Construction: $G$ is an $r$ regular graph, $k$ connected (not a complete, cycle graph). A vertex of $G$ is $x_1$. All vertices which are not adjacent to $x_1$ create a sub-graph $C_1$. All vertices adjacent to $x_1$ create a sub-graph, $ D_1 $. A vertex of $D_1$ is $x_2$.

Using same method, based on adjacency of $x_2$ , $D_1$ can be divided.

All vertices which are not adjacent to $x_2$ create a sub-graph $C_2$.

All vertices adjacent to $x_2$ create a sub-graph, $ D_2 $. In general, $ D_{y-1} $ is a graph and can be divided/partitioned into 2 sub-graphs $C_y, D_y $.

At this stage, let me restrict the problem for simplicity of computation. Restrictions are:

  1. $C_y, D_y $ are $s_y , t_y>0 $ regular graphs respectively for all iteration $y$

  2. $C_y, D_y $ cannot be complete bipartite graph (utility graph), complete graph or disjoint union of complete graphs.

So, $ D_{y-1} $ is a $t_{y-1}$ regular graph and can be divided/partitioned into 2 sub-graphs $C_y, D_y $. $C_y, D_y $ are $s_y , t_y $ regular graphs respectively (given condition).
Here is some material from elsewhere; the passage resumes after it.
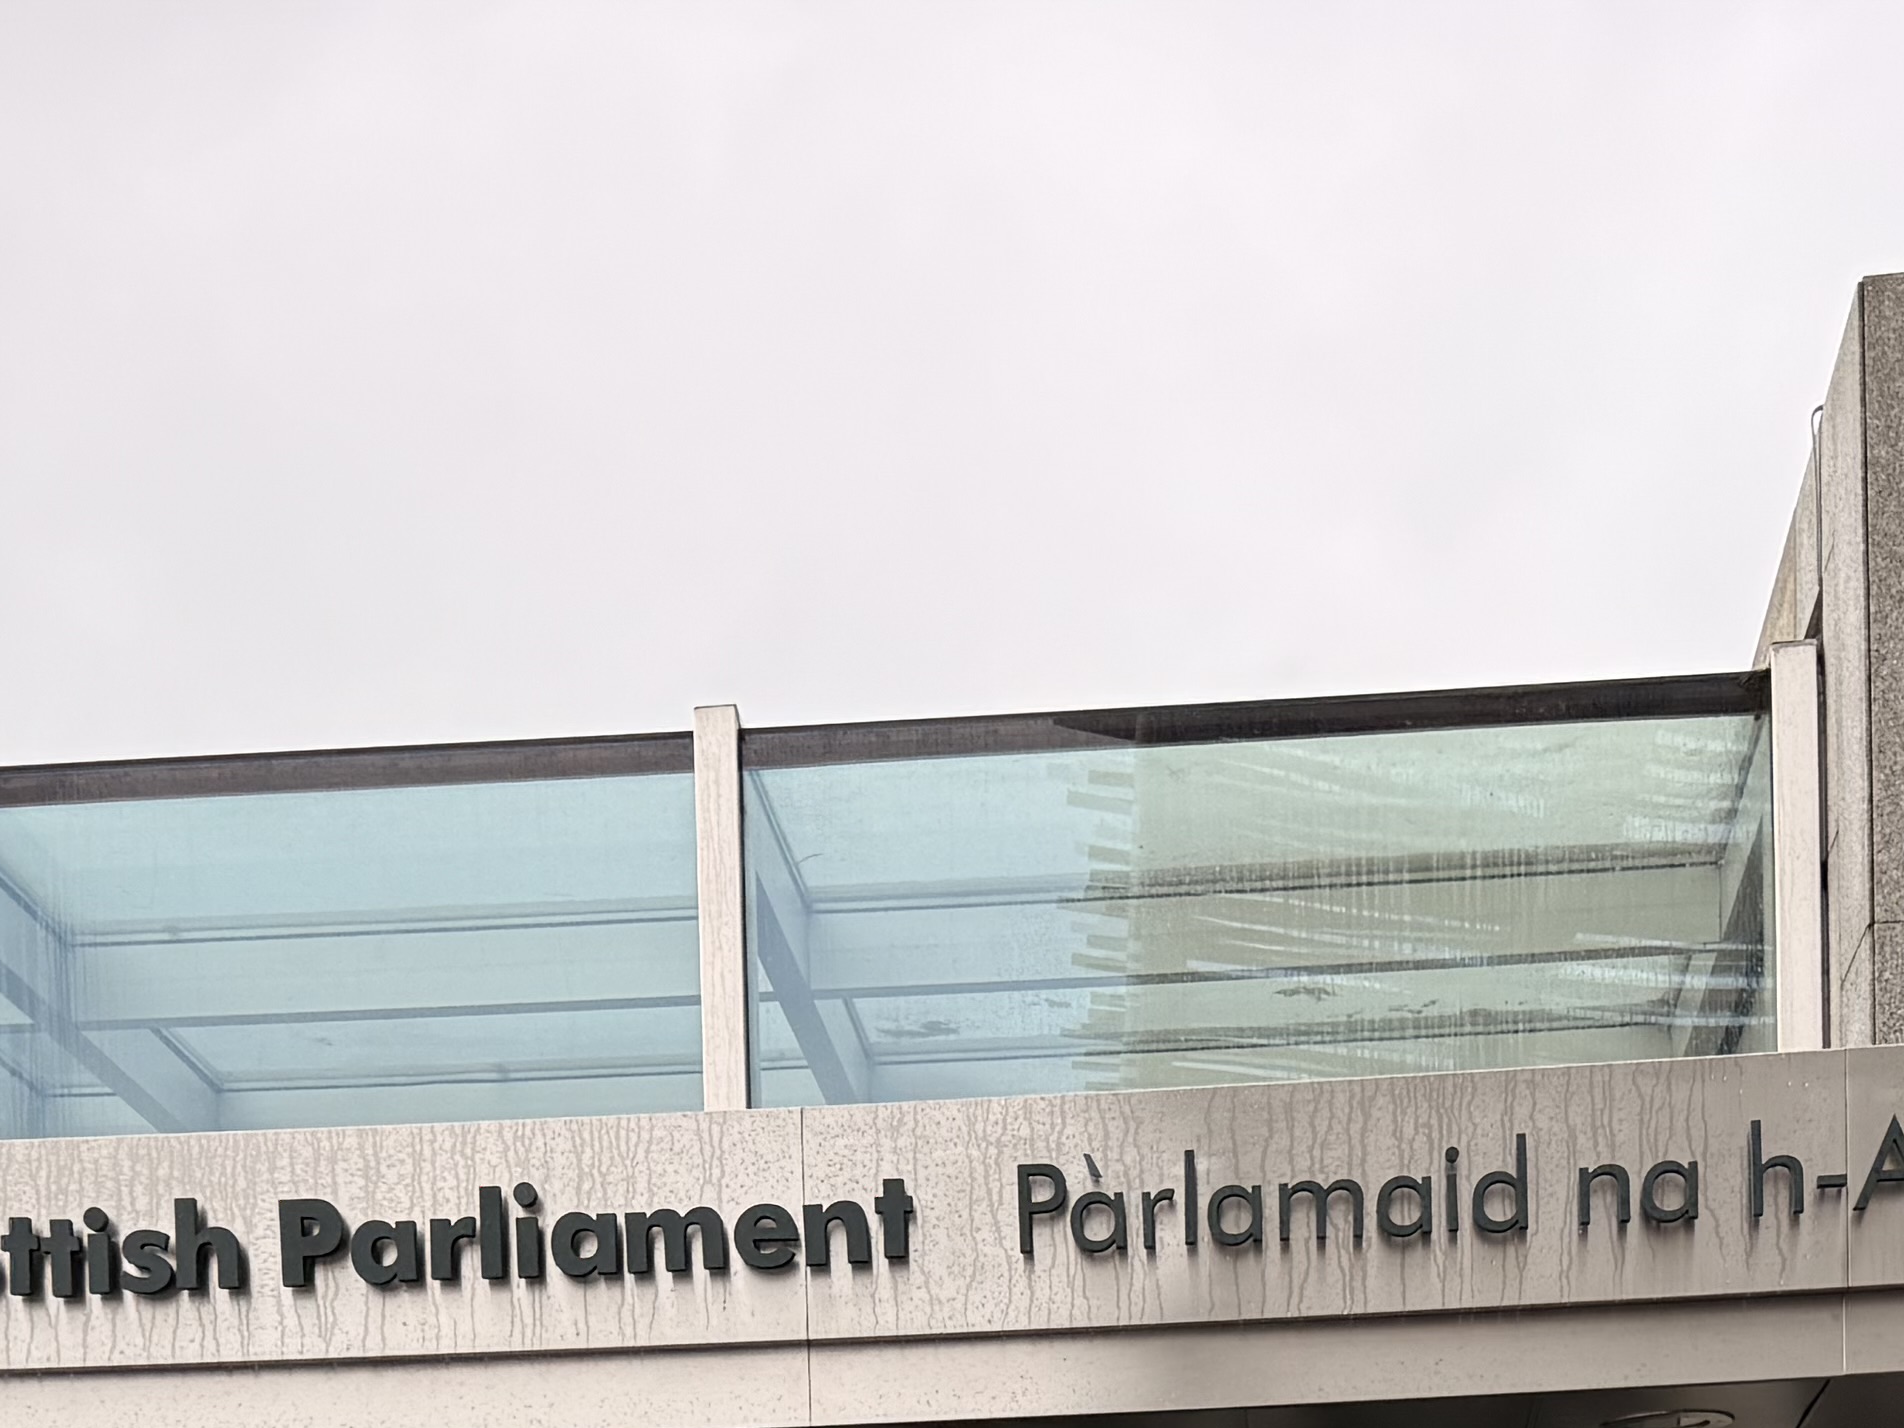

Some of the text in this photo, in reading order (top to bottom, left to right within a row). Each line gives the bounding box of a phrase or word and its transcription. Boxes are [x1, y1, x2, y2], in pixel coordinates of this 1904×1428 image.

[279, 1179, 914, 1292] Parliament
[1018, 1134, 1528, 1260] Pàrlamaid
[1579, 1161, 1698, 1235] na
$G$ can be divided/partitioned a maximum of $\log_2(|G|)$ times, using this dividing process recursively.

Matrix representation : $A$ is an adjacency matrix of an $r$-regular graph $G$. The matrix A can be divided into 4 sub-matrices based on adjacency of vertex $x_1 \in G$. $A_x$ is the adjacency matrix of the graph $(G-x_1)$, where $C_1$ is the adjacency matrix of the graph created by vertices which are not adjacent to $x_1$, and $D_1$ is the adjacency matrix of the graph created by vertices which are adjacent to $x_1$. $C_1,D_1$ are sub-graphs (regular) of graph $G$, $|C_1|>|D_1|$ where $|C_1|,|D_1|$ are total vertices number of graphs $C_1,D_1$ respectively. $$ A_x = \left( \begin{array}{ccc} C_1 & E_1 \\ E_1^{T} & D_1 \\ \end{array} \right) $$

Again, this process can be done recursively, where $A_{y+1}=D_y$, $y=$ iteration number of the recursive process. $$ A_yx = \left( \begin{array}{ccc} C_y & E_y \\ E_y^{T} & D_{y} \\ \end{array} \right) $$

$A_x$(=$A_1x$) is the matrix of 1st iteration, for 2nd iteration, $A_x$ matrix would be $A_2x$.
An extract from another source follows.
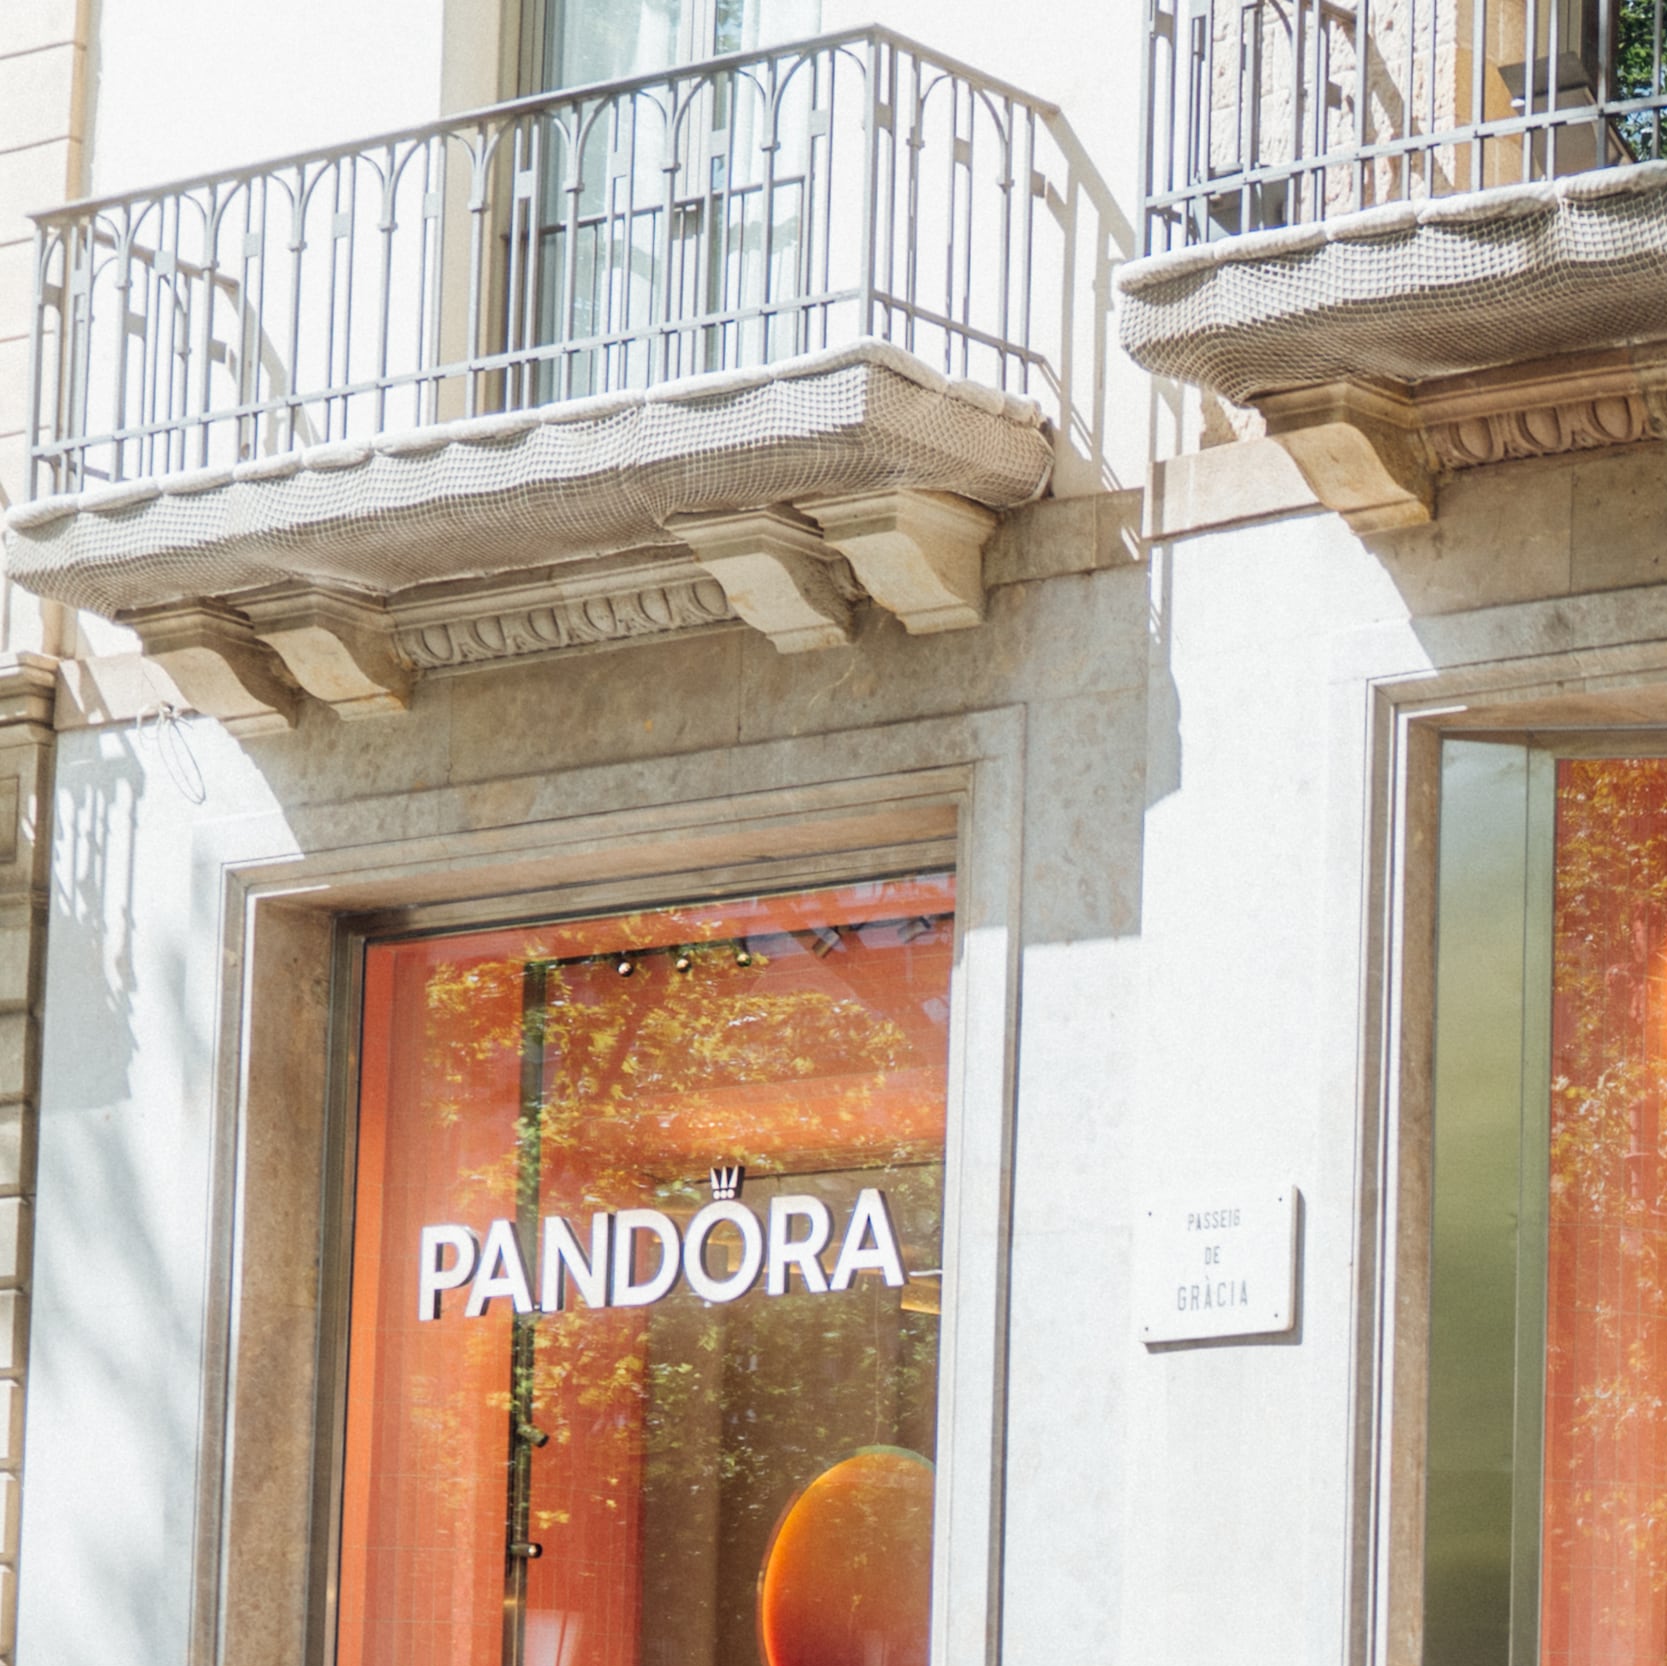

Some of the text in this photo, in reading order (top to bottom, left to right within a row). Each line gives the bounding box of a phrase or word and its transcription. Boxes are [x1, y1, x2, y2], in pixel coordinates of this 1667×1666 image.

[1187, 1209, 1241, 1231] PASSEIG
[417, 1167, 906, 1323] PANDORA
[1204, 1245, 1221, 1265] DE
[1176, 1275, 1249, 1312] GRÀCIA
How restrictions can be lifted later:

  1. If $C_y, D_y $ are not regular graphs for iteration $y$, then $C_y $ or $ D_y $ can be divided into regular sub graphs where each sub-graph has same valency. It is well known, from GI perspective, that Irregular graph is easier to partition than regular graph to determine GI. So, if irregular $C_y , D_y $ will not increase search cases .

  2. $C_y, D_y $ cannot be complete bipartite (utility graph), complete or disjoint union of complete graphs but GI of these graphs are easier.

    Both conditions can be lifted.

Claim:
It is not possible to have an $E_y$ matrix as a zero matrix, i.e., it is not possible to have disconnected sub-graphs $C_y,D_y$ under the given conditions that $G$ is $k$ connected $r$ regular and $C_y , D_y$ are always regular (which are not complete bipartite, complete graph nor disjoint union of complete graphs) graphs in this recursive process.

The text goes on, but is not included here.